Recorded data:
<<<<

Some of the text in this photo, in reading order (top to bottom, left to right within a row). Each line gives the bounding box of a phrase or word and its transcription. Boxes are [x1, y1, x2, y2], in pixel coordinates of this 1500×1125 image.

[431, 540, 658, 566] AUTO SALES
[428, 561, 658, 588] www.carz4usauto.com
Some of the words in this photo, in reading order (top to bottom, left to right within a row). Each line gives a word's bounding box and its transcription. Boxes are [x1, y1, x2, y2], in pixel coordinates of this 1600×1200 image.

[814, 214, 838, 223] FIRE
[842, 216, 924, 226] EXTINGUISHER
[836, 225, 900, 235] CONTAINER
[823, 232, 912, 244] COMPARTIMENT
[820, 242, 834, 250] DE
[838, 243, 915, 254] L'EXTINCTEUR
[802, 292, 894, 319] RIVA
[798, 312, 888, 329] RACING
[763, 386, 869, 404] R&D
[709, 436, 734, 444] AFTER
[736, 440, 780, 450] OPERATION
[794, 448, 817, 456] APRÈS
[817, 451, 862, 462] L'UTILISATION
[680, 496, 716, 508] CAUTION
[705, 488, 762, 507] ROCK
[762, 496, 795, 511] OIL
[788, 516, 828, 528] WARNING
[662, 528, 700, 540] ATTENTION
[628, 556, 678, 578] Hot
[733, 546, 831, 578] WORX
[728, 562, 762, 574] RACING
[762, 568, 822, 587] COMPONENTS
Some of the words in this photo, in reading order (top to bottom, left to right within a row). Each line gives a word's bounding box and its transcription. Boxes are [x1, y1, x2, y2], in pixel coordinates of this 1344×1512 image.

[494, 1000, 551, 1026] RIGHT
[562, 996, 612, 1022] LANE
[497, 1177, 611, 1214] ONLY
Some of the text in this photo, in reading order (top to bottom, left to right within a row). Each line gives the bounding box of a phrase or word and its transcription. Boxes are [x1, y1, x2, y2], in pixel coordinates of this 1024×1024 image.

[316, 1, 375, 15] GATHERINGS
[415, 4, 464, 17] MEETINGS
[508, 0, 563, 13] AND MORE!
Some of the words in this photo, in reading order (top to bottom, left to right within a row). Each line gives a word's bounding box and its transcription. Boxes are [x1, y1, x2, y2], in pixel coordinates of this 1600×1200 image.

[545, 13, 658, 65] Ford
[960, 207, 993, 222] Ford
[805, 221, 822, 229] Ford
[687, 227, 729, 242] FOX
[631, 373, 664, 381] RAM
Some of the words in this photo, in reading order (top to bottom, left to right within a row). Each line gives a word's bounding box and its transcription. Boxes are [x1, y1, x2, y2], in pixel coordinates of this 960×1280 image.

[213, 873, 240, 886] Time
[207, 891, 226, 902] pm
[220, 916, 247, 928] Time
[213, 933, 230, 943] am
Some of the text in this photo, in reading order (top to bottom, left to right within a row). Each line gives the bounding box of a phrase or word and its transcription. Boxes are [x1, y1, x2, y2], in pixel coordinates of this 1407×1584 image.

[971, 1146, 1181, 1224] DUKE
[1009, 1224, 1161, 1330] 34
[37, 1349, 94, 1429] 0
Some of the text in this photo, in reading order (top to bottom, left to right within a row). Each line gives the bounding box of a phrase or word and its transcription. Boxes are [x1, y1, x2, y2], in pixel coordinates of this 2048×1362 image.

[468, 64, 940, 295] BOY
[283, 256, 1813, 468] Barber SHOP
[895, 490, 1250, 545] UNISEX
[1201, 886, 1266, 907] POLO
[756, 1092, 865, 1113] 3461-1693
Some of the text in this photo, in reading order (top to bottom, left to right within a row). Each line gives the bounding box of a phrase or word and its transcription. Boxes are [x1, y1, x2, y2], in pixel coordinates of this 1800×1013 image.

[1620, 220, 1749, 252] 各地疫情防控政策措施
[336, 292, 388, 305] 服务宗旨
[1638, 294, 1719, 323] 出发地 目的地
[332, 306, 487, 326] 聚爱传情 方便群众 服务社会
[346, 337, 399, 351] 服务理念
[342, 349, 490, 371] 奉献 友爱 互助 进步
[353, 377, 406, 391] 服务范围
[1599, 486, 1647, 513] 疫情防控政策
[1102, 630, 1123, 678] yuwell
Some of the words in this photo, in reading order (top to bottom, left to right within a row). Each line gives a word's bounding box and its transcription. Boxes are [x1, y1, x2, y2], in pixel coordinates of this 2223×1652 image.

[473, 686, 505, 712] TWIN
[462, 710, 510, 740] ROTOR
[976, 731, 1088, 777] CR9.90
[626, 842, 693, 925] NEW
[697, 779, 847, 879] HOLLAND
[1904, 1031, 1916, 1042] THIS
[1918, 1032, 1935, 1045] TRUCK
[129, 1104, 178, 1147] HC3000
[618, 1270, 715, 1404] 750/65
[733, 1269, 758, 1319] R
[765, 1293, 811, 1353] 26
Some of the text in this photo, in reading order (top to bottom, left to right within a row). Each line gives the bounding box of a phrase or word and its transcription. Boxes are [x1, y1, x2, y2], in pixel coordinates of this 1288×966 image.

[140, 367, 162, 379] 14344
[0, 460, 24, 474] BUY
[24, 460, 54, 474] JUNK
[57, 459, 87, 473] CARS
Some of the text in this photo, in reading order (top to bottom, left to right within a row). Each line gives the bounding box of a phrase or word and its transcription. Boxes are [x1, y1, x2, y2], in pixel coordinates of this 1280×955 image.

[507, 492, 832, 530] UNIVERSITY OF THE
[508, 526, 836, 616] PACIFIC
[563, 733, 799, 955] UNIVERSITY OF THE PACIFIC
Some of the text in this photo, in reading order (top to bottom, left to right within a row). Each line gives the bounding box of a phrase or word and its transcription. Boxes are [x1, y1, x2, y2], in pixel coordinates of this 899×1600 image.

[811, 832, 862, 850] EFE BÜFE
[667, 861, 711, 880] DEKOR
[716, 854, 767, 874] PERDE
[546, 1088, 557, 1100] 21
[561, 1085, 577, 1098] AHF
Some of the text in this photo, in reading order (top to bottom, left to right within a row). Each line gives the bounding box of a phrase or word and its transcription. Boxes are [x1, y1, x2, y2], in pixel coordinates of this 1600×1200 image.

>>>>

* _PROBLEM STATEMENT_: May I have all of the records repeated exactly?

* _ANSWER TO THE EXERCISE_:
Some of the text in this photo, in reading order (top to bottom, left to right within a row). Each line gives the bounding box of a phrase or word and its transcription. Boxes are [x1, y1, x2, y2], in pixel coordinates of this 1500×1125 image.

[431, 540, 658, 566] AUTO SALES
[428, 561, 658, 588] www.carz4usauto.com
Some of the words in this photo, in reading order (top to bottom, left to right within a row). Each line gives a word's bounding box and its transcription. Boxes are [x1, y1, x2, y2], in pixel coordinates of this 1600×1200 image.

[814, 214, 838, 223] FIRE
[842, 216, 924, 226] EXTINGUISHER
[836, 225, 900, 235] CONTAINER
[823, 232, 912, 244] COMPARTIMENT
[820, 242, 834, 250] DE
[838, 243, 915, 254] L'EXTINCTEUR
[802, 292, 894, 319] RIVA
[798, 312, 888, 329] RACING
[763, 386, 869, 404] R&D
[709, 436, 734, 444] AFTER
[736, 440, 780, 450] OPERATION
[794, 448, 817, 456] APRÈS
[817, 451, 862, 462] L'UTILISATION
[680, 496, 716, 508] CAUTION
[705, 488, 762, 507] ROCK
[762, 496, 795, 511] OIL
[788, 516, 828, 528] WARNING
[662, 528, 700, 540] ATTENTION
[628, 556, 678, 578] Hot
[733, 546, 831, 578] WORX
[728, 562, 762, 574] RACING
[762, 568, 822, 587] COMPONENTS
Some of the words in this photo, in reading order (top to bottom, left to right within a row). Each line gives a word's bounding box and its transcription. Boxes are [x1, y1, x2, y2], in pixel coordinates of this 1344×1512 image.

[494, 1000, 551, 1026] RIGHT
[562, 996, 612, 1022] LANE
[497, 1177, 611, 1214] ONLY
Some of the text in this photo, in reading order (top to bottom, left to right within a row). Each line gives the bounding box of a phrase or word and its transcription. Boxes are [x1, y1, x2, y2], in pixel coordinates of this 1024×1024 image.

[316, 1, 375, 15] GATHERINGS
[415, 4, 464, 17] MEETINGS
[508, 0, 563, 13] AND MORE!
Some of the words in this photo, in reading order (top to bottom, left to right within a row). Each line gives a word's bounding box and its transcription. Boxes are [x1, y1, x2, y2], in pixel coordinates of this 1600×1200 image.

[545, 13, 658, 65] Ford
[960, 207, 993, 222] Ford
[805, 221, 822, 229] Ford
[687, 227, 729, 242] FOX
[631, 373, 664, 381] RAM
Some of the words in this photo, in reading order (top to bottom, left to right within a row). Each line gives a word's bounding box and its transcription. Boxes are [x1, y1, x2, y2], in pixel coordinates of this 960×1280 image.

[213, 873, 240, 886] Time
[207, 891, 226, 902] pm
[220, 916, 247, 928] Time
[213, 933, 230, 943] am
Some of the text in this photo, in reading order (top to bottom, left to right within a row). Each line gives the bounding box of a phrase or word and its transcription. Boxes are [x1, y1, x2, y2], in pixel coordinates of this 1407×1584 image.

[971, 1146, 1181, 1224] DUKE
[1009, 1224, 1161, 1330] 34
[37, 1349, 94, 1429] 0
Some of the text in this photo, in reading order (top to bottom, left to right within a row). Each line gives the bounding box of a phrase or word and its transcription. Boxes are [x1, y1, x2, y2], in pixel coordinates of this 2048×1362 image.

[468, 64, 940, 295] BOY
[283, 256, 1813, 468] Barber SHOP
[895, 490, 1250, 545] UNISEX
[1201, 886, 1266, 907] POLO
[756, 1092, 865, 1113] 3461-1693
Some of the text in this photo, in reading order (top to bottom, left to right within a row). Each line gives the bounding box of a phrase or word and its transcription. Boxes are [x1, y1, x2, y2], in pixel coordinates of this 1800×1013 image.

[1620, 220, 1749, 252] 各地疫情防控政策措施
[336, 292, 388, 305] 服务宗旨
[1638, 294, 1719, 323] 出发地 目的地
[332, 306, 487, 326] 聚爱传情 方便群众 服务社会
[346, 337, 399, 351] 服务理念
[342, 349, 490, 371] 奉献 友爱 互助 进步
[353, 377, 406, 391] 服务范围
[1599, 486, 1647, 513] 疫情防控政策
[1102, 630, 1123, 678] yuwell
Some of the words in this photo, in reading order (top to bottom, left to right within a row). Each line gives a word's bounding box and its transcription. Boxes are [x1, y1, x2, y2], in pixel coordinates of this 2223×1652 image.

[473, 686, 505, 712] TWIN
[462, 710, 510, 740] ROTOR
[976, 731, 1088, 777] CR9.90
[626, 842, 693, 925] NEW
[697, 779, 847, 879] HOLLAND
[1904, 1031, 1916, 1042] THIS
[1918, 1032, 1935, 1045] TRUCK
[129, 1104, 178, 1147] HC3000
[618, 1270, 715, 1404] 750/65
[733, 1269, 758, 1319] R
[765, 1293, 811, 1353] 26
Some of the text in this photo, in reading order (top to bottom, left to right within a row). Each line gives the bounding box of a phrase or word and its transcription. Boxes are [x1, y1, x2, y2], in pixel coordinates of this 1288×966 image.

[140, 367, 162, 379] 14344
[0, 460, 24, 474] BUY
[24, 460, 54, 474] JUNK
[57, 459, 87, 473] CARS
Some of the text in this photo, in reading order (top to bottom, left to right within a row). Each line gives the bounding box of a phrase or word and its transcription. Boxes are [x1, y1, x2, y2], in pixel coordinates of this 1280×955 image.

[507, 492, 832, 530] UNIVERSITY OF THE
[508, 526, 836, 616] PACIFIC
[563, 733, 799, 955] UNIVERSITY OF THE PACIFIC
Some of the text in this photo, in reading order (top to bottom, left to right within a row). Each line gives the bounding box of a phrase or word and its transcription. Boxes are [x1, y1, x2, y2], in pixel coordinates of this 899×1600 image.

[811, 832, 862, 850] EFE BÜFE
[667, 861, 711, 880] DEKOR
[716, 854, 767, 874] PERDE
[546, 1088, 557, 1100] 21
[561, 1085, 577, 1098] AHF
Some of the text in this photo, in reading order (top to bottom, left to right within a row). Each line gives the bounding box of a phrase or word and its transcription. Boxes are [x1, y1, x2, y2], in pixel coordinates of this 1600×1200 image.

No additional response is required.